Ramazanda 11 Adımda Sağlıklı Beslenme
Acıbadem Eskişehir Hastanesi Beslenme ve Diyet Uzmanı Şeyda Sıla Bilgili, Ramazan ayında oruç tutacaklara 11 adımda beslenme önerilerinde bulundu.
Ramazan ayında öğün sayısının azalması ve uzun süren açlık periyodunun, vücudu alışık olmadığı bir beslenme şeklinin içerisine soktuğunu ifade eden Dr. Bilgili, “Bu uzun süreli açlığın sonucunda da besin tercihleri değişebiliyor.

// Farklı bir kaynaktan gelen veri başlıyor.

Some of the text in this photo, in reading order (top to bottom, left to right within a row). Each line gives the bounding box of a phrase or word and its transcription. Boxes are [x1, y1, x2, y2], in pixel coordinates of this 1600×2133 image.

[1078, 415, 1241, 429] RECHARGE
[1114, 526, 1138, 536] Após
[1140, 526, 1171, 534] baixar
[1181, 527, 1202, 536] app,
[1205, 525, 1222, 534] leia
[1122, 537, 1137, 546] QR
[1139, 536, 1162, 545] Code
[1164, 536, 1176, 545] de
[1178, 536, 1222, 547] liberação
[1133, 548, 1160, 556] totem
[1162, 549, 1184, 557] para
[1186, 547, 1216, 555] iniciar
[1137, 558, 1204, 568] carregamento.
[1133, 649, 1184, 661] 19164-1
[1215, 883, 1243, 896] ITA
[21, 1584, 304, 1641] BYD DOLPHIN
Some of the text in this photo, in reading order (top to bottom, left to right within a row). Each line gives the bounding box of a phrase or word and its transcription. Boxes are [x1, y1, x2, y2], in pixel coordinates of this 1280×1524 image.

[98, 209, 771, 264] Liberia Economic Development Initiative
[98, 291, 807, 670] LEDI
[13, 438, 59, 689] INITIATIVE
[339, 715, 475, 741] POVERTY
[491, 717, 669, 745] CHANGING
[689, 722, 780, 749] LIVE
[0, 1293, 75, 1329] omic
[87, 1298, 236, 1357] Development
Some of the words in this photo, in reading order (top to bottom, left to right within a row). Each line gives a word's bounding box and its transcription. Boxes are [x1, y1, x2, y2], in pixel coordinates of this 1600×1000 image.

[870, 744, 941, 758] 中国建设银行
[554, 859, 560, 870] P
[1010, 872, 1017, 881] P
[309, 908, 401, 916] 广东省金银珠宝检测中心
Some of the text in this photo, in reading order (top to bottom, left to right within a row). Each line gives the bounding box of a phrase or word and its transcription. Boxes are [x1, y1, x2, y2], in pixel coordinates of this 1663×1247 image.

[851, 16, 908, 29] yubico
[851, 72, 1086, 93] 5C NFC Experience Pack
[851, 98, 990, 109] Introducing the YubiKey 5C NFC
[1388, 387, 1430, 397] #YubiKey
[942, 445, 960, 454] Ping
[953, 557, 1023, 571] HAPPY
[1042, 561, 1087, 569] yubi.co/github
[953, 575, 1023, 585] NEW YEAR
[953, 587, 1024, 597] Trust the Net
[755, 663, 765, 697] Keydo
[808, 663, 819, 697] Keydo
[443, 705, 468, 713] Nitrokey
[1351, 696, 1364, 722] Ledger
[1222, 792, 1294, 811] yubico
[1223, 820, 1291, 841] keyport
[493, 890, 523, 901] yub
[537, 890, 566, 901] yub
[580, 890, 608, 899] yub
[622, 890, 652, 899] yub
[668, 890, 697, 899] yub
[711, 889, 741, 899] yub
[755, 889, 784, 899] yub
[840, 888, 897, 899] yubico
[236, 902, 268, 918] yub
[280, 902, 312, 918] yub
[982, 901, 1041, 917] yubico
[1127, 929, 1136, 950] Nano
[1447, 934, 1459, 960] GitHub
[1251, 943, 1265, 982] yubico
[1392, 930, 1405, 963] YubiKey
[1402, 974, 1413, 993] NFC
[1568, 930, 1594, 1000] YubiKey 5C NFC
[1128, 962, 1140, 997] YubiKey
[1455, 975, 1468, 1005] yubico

Yüksek kalorili, tatlı ağırlıklı ve artmış porsiyon miktarları olan bir beslenme alışkanlığı benimseniyor” dedi.
Beslenme ve Diyet Uzmanı Şeyda Sıla Bilgili, oruç tutma kavramının en hassas yönünün; besin alımının az öğünler şeklinde fakat yüklü alınması sebebiyle tüketilen besinlerin daha çok depolanmasına ve uzun sürede kilo artışına neden olması olduğunu aktardı. Şeyda Sıla Bilgili, açlık süresinin uzun olması ve yanlış bir beslenme programının metabolizmanın yavaşlamasına, kan şekerinde düzensizliğe, sinirlilik, halsizlik, yorgunluk, dikkatsizlik, konsantrasyon kaybı, baş ağrısı, baş dönmesi, unutkanlık, uykuya meyil, hazımsızlık, şişkinlik, mide bulantısı gibi pek çok sorunlara sebep olacağını, iş veriminin azalacağını kaydetti.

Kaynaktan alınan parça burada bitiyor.